Das ist schon schlimm genug; aber schlimmer noch: ich habe den Eindruck, diese ganze Diskussion hat inzwischen erreicht, daß die meisten Rentner heutzutage der Meinung sind - jetzt mal abgesehen von ihnen persönlich - daß es den anderen Rentnern in Deutschland viel zu gut geht. Und daß da schon was dran ist, daß man da mal sparen müßte und daß man dem mal Einhalt gebieten müßte.
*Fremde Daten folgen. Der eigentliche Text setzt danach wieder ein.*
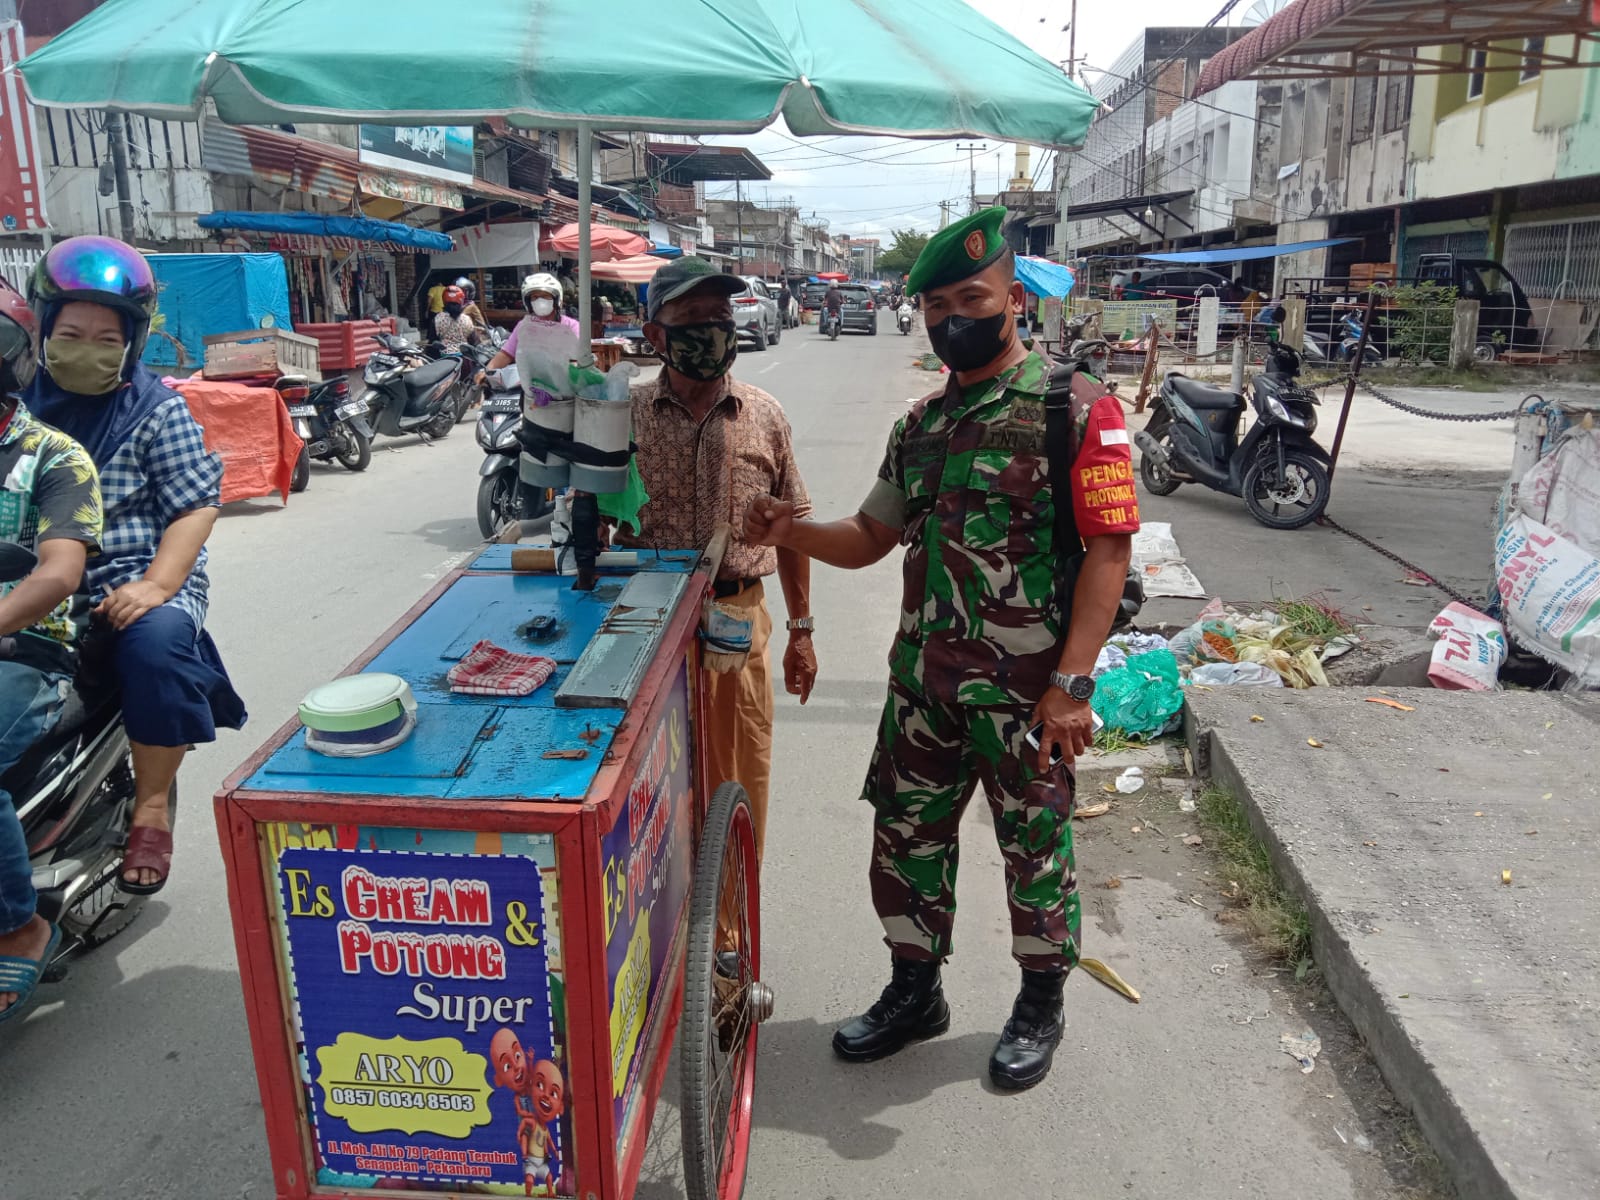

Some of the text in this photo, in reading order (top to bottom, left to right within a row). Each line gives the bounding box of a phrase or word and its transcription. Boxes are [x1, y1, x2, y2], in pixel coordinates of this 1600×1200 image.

Und das führt nun zu einer ganz merkwürdigen Gemengelage in der Diskussion, es führt dazu, daß nämlich völlig verdrängt wird, daß unser System der Alterssicherung, das sich in der Bismarck’schen Tradition an dem berühmten „erfüllten Arbeitsleben" orientiert, halt immer noch so tut, als sei der Regelfall der 45 Jahre erwerbstätige, immer durchschnittlich verdienende Arbeitnehmer. Den gibt es ja heute nicht einmal mehr bei den Männern;(ja also, es mag noch ein paar Rentner geben, die schon mit 14 oder mit 13 in die Lehre gegangen sind und dann 50 Versicherungsjahre schaffen, und es gibt noch ein paar Bergleute, die zwar mit 50 frühpensioniert worden sind, aber dann insgesamt doch sehr lange Anrechnungszeiten haben.) Aber dieser Idealtyp des 45 Jahre lang erwerbstätigen und immer versicherten Arbeiters, der ist uns wohl doch abhanden gekommen. Andersherum ist der Effekt natürlich, daß die Situation der Mehrheit der Altersbevölkerung, der Frauen nämlich, noch mehr aus dem Blickfeld gerät. Man redet nur über diesen Idealrentner mit dem langen Erwerbsleben und es wird nicht zur Kenntnis genommen, daß dieses System eben für die Frauen nicht auskömmliche Alterseinkommen sichert, daß dieses System auf die Frauenerwerbslebensläufe von heute - und auch auf die von gestern schon - keineswegs gepaßt hat. Der schlimme Effekt ist dabei - finde ich -, daß immer weniger zur Kenntnis genommen wird, daß die Frauen mit diesem System eben ihre Schwierigkeiten haben und die Situation der Frauen dadurch immer wieder zu einer Art Regelabweichung umdefiniert wird: das System ist halt so, und wenn die Frauen nicht dazu passen, dann ist das ihr Problem und nicht etwa ein Problem des Sicherungssystems.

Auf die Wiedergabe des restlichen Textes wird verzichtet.